● WORK TASK
Return each line below exactly as it reads, and omit any image in it.

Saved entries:
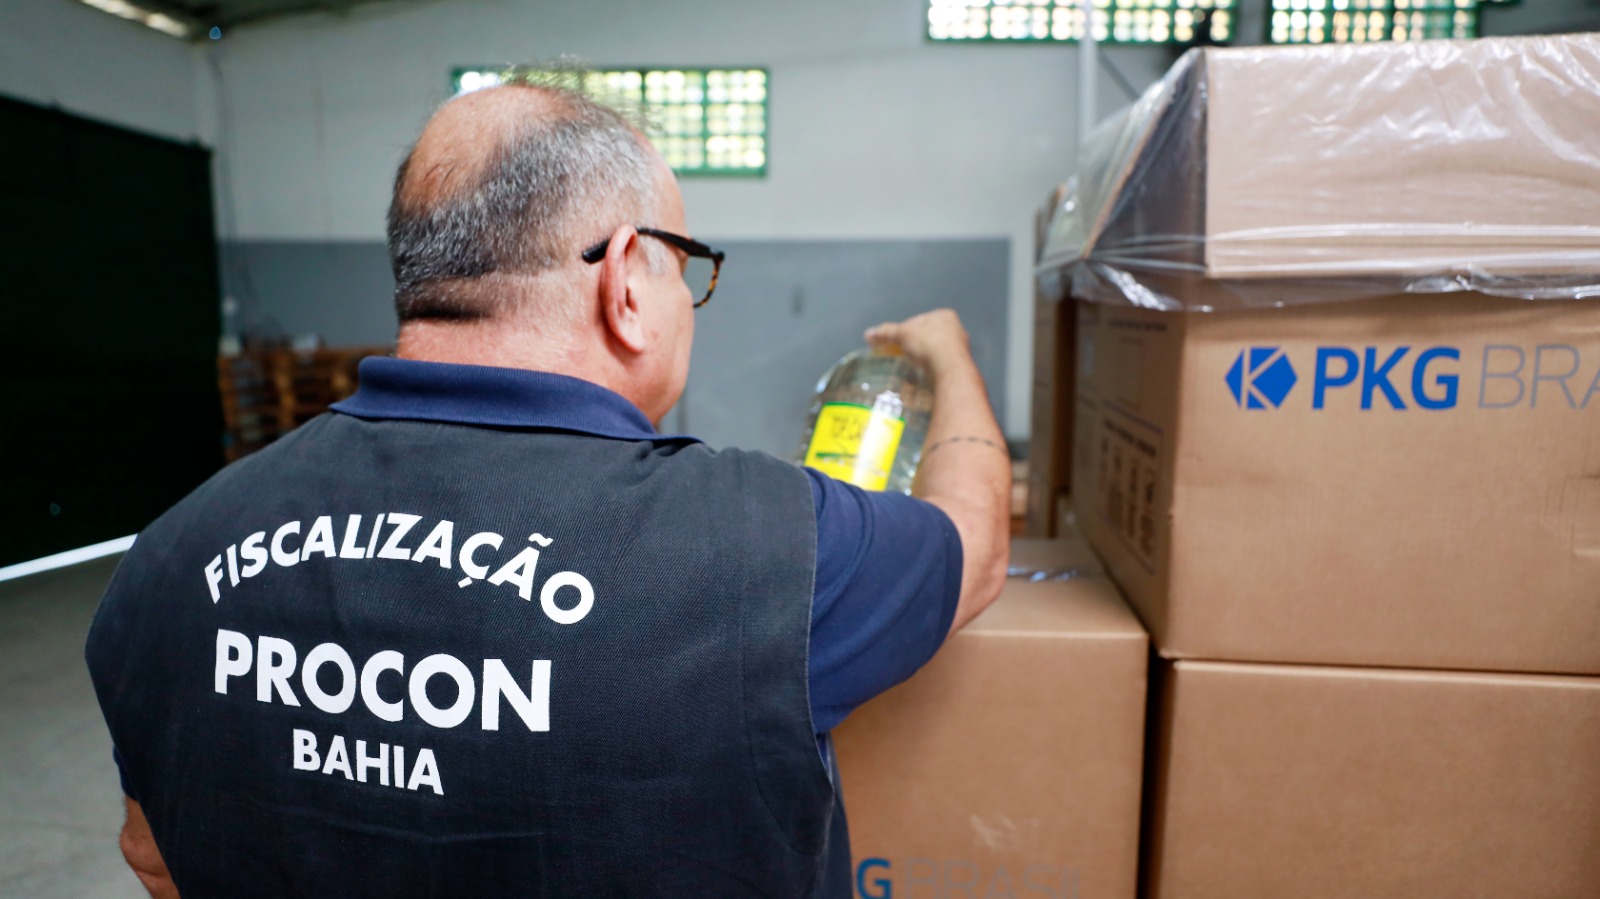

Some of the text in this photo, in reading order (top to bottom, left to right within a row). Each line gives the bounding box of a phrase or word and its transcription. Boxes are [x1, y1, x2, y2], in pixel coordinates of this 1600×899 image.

[1311, 344, 1600, 411] PKG BR
[204, 512, 595, 625] FISCALIZAÇÃO
[214, 628, 552, 732] PROCON
[293, 728, 445, 796] BAHIA

● RESULT FOR THIS TASK
Some of the text in this photo, in reading order (top to bottom, left to right within a row). Each line gives the bounding box of a phrase or word and its transcription. Boxes are [x1, y1, x2, y2], in pixel coordinates of this 1600×899 image.

[1311, 344, 1600, 411] PKG BR
[204, 512, 595, 625] FISCALIZAÇÃO
[214, 628, 552, 732] PROCON
[293, 728, 445, 796] BAHIA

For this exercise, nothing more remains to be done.